Thursday, April 25, 2024
The market fell again early today. The major indexes rebounded and closed near their highs, but break-even points remained favorable. The Dow Jones Industrial Average ended the day with the worst decline of -375 points, or -0.98%. Elsewhere, the S&P 500 fell -0.46%, the Nasdaq fell -0.64% and the small-cap Russell 2000 fell -0.76%. All four indexes remain positive this week with one trading day left.
There was a whiff of “stagflation” in the early morning business papers, joined by a disappointing first quarter report in the early morning. This created a significant downdraft in sentiment, even though it likely increased the Fed’s appetite to finally lower interest rates at a time when data is showing signs of economic strain. The first quarter GDP and latest trade deficit numbers are mixed with a lack of revenue: caterpillar (Cat – Free report) and major airline companies American (AAL – free report) and southwest (love – free report).
Several major companies have reported since the deal closed. microsoft (MSFT – (Free Report) beat the typical operating performance on both revenue and bottom line (it has missed out on earnings once in the past five years), and its earnings of $2.94 per share beat the Zacks Consensus of $2.81. Revenue for the quarter was $61.9 billion, exceeding expectations of $60.6 billion and representing +17% year-over-year growth. Operating income for the quarter increased 23% year over year to $27.6 billion.

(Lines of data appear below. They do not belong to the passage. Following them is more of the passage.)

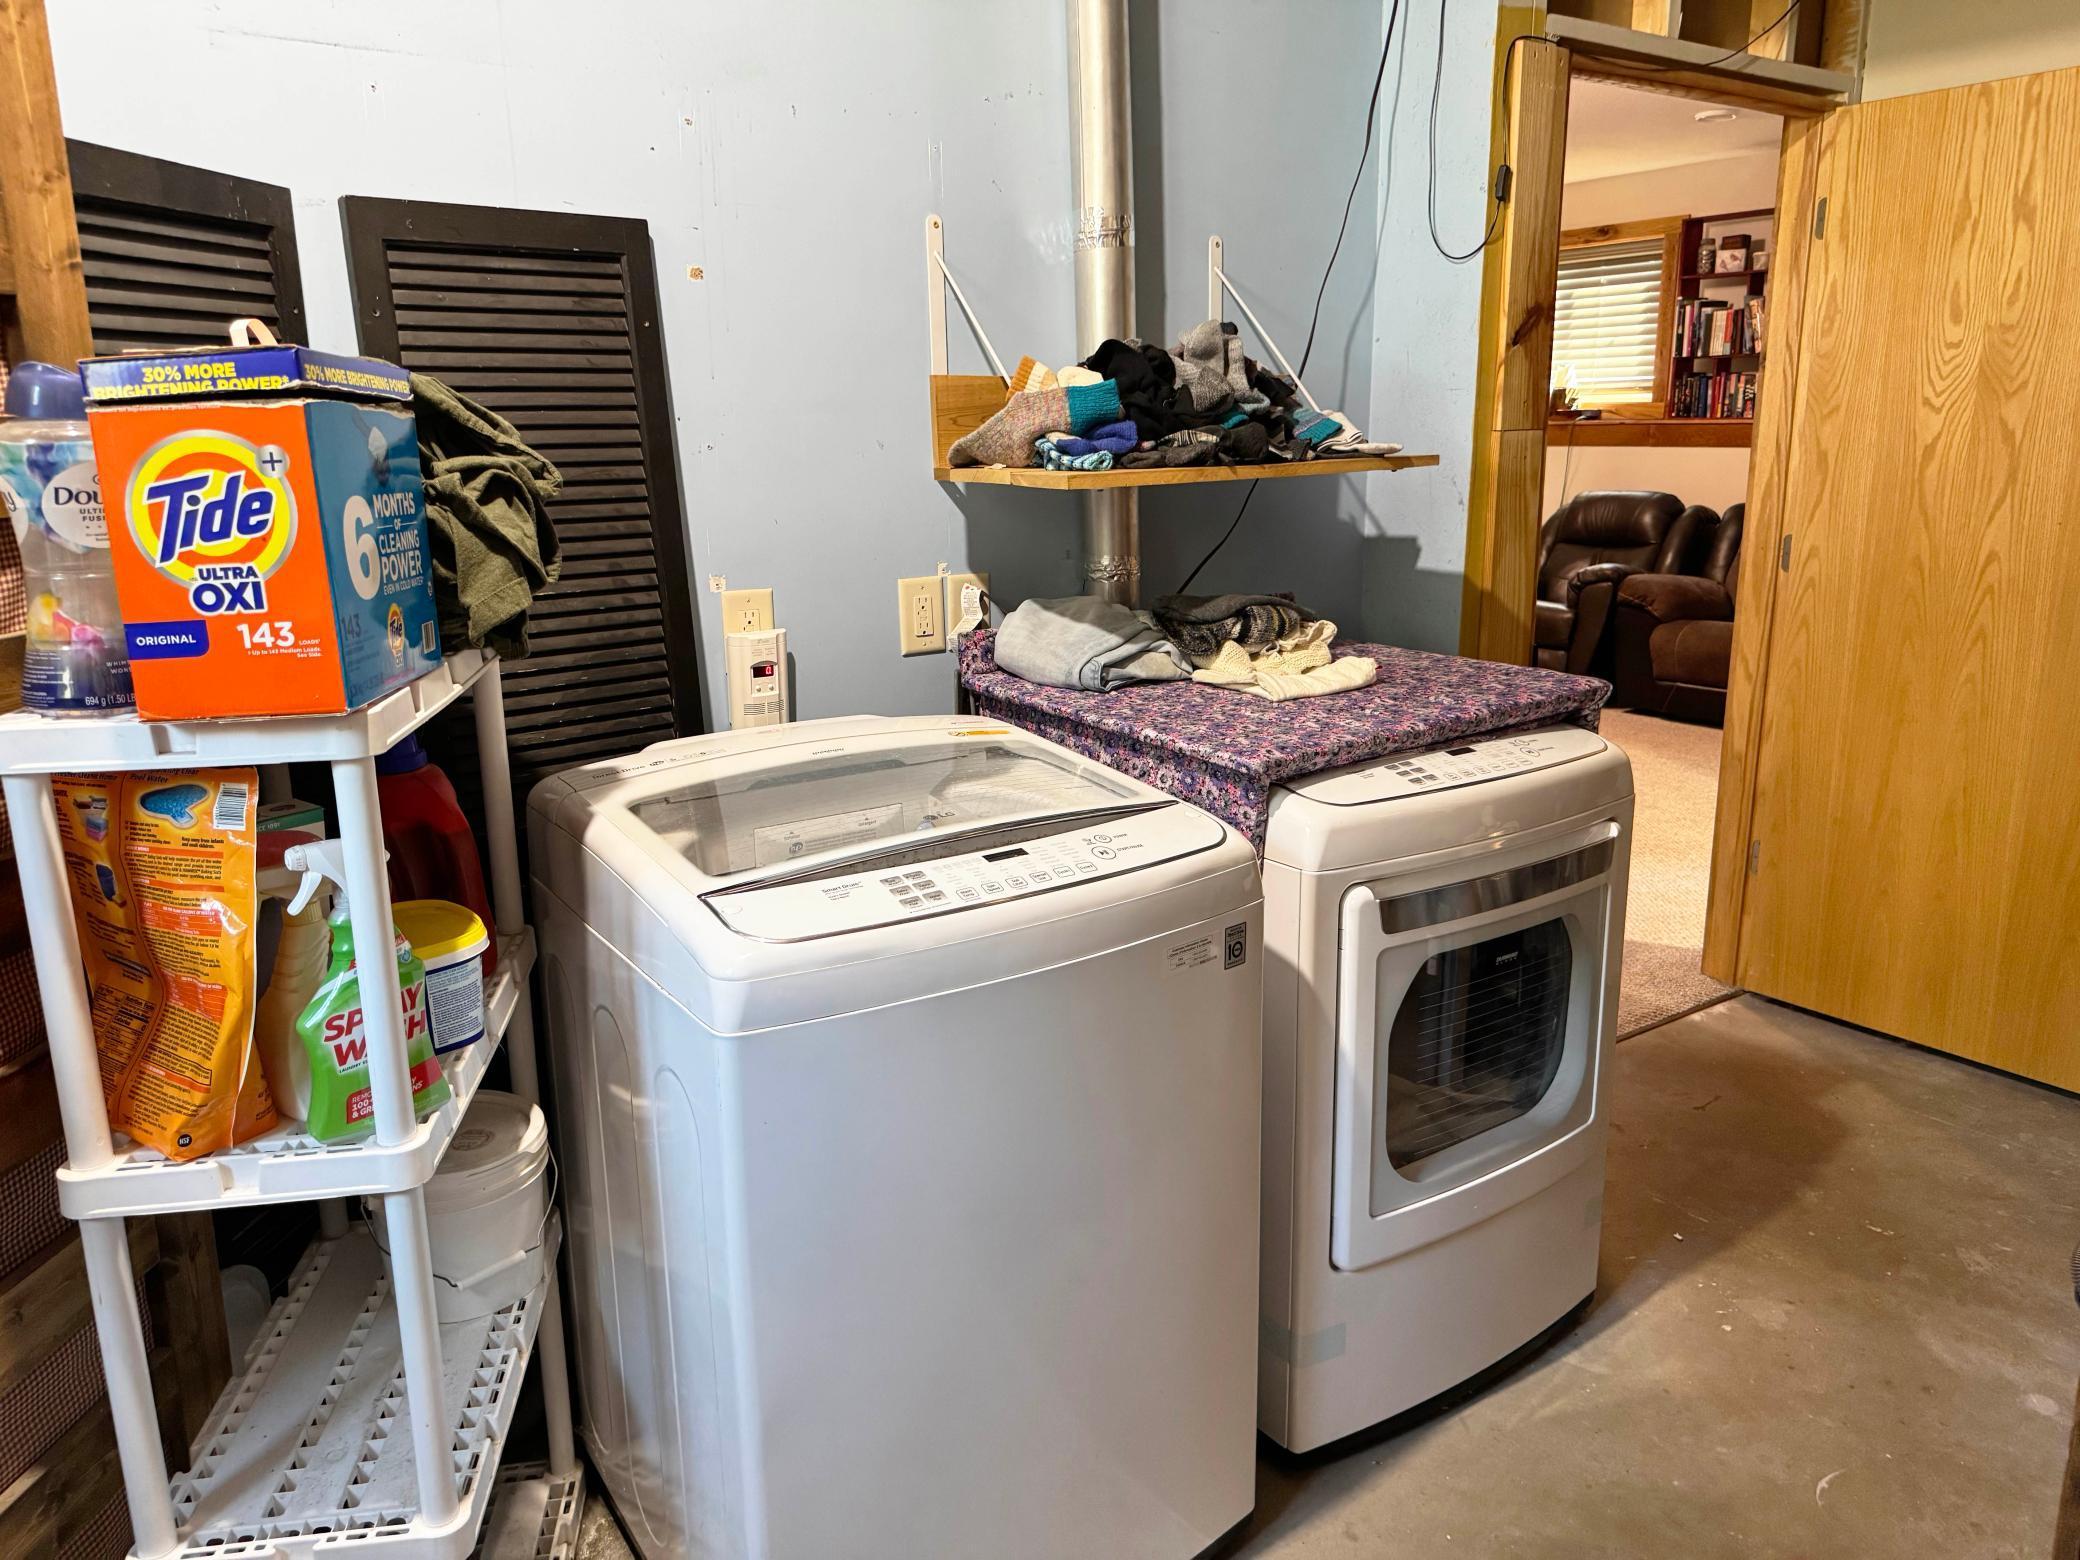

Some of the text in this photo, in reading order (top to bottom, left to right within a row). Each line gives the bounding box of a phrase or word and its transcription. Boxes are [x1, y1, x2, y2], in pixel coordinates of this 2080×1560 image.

[142, 362, 236, 383] 30% MORE
[303, 363, 324, 381] 30%
[324, 367, 347, 384] MORE
[346, 370, 389, 390] BRIGHTENING
[92, 380, 214, 400] BRIGHTENING
[144, 472, 275, 566] Tide
[393, 518, 402, 530] OF
[343, 495, 381, 600] 6
[372, 491, 416, 518] MONTHS
[378, 529, 420, 554] CLEANING
[198, 566, 259, 581] ULTRA
[381, 550, 423, 583] POWER
[192, 580, 265, 613] OXI
[136, 634, 196, 647] ORIGINAL
[236, 621, 296, 649] 143
[85, 696, 99, 706] 694
[100, 697, 107, 707] g
[352, 1091, 372, 1103] REMO
[179, 1136, 191, 1145] NSF

Microsoft’s cloud business (Azure) also grew +23% year-over-year to $35.1 billion, including $26.7 billion in its “Intelligent Cloud” division, which grew +21% year-over-year. Business productivity increased +12% to $19.6 billion. Shares rose +5% in late trading on the news, adding to +7.6% year-to-date and +35% over the past year. The guidance will likely be detailed in an upcoming conference call.
alphabet (Google – Free Report) also exceeded expectations in terms of sales and final profit. Earnings per share of $1.89 beat the Zacks Consensus by 40 cents per share, compared with earnings of $1.17 in the year-ago period. Revenue before traffic acquisition costs (TAC) was $67.59 billion, well above the $66.04 billion expected by analysts (the company reported a high of $80.54 billion). dollars). Advertising, especially YouTube, did better than expected. The company also announced its first-ever dividend yield of 20 cents per share. Shares rose +12.8% in late trading.

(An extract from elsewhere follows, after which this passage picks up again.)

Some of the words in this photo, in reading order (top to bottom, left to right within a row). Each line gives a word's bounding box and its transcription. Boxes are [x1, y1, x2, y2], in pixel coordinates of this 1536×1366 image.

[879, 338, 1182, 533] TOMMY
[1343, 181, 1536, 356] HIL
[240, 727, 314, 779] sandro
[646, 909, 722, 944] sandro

Eating cake this afternoon Snap Co., Ltd. (snap – free report). The social media powerhouse delivered positive earnings per share of +$0.03, up from expectations of -$0.05, compared with +$0.01 per share in the year-ago period. Revenue grew +21% year-over-year, well above the Zacks Consensus Estimate of $1.12 billion, and daily active users rose +10% year-over-year to 422 million. Spotlight content grew +125% compared to his year ago. SNAP stock is up an astonishing +29% in the aftermarket.
intel (INTC – (Free Report) But things are going in the opposite direction. The semiconductor manufacturing giant beat its first-quarter bottom line (earnings of 18 cents per share versus estimates of 13 cents), but revenue fell just short at $12.7 billion (versus the Zacks Consensus Estimate of $12.76 billion). . However, it is the guidance for next quarter that is driving the stock down -8% in late trading. Earnings of 10 cents per share on sales of $12.5 billion to $13.5 billion are well below the previously expected 24 cents per share and sales of $13.54 billion. .

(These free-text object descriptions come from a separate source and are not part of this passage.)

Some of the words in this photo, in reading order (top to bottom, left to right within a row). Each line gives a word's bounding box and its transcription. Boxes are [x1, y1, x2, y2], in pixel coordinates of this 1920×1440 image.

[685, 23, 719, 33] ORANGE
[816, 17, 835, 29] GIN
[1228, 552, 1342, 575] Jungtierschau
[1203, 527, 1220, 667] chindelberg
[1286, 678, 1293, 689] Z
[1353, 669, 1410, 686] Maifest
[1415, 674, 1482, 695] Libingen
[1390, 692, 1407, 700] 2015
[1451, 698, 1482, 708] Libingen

Have questions or comments about this article or the author? Click here>>
Free – Get 5 Dividend Stocks to Fund Your Retirement
Zacks Investment Research has released a special report highlighting five diverse stocks with amazing dividends to help you prepare for retirement. They cut across property management, luxury outlets, financial institutions, and some powerful energy production companies.
5 Dividend Stocks to Include in Your Retirement Strategy is packed with unconventional wisdom and insight you won’t get from your local financial planner.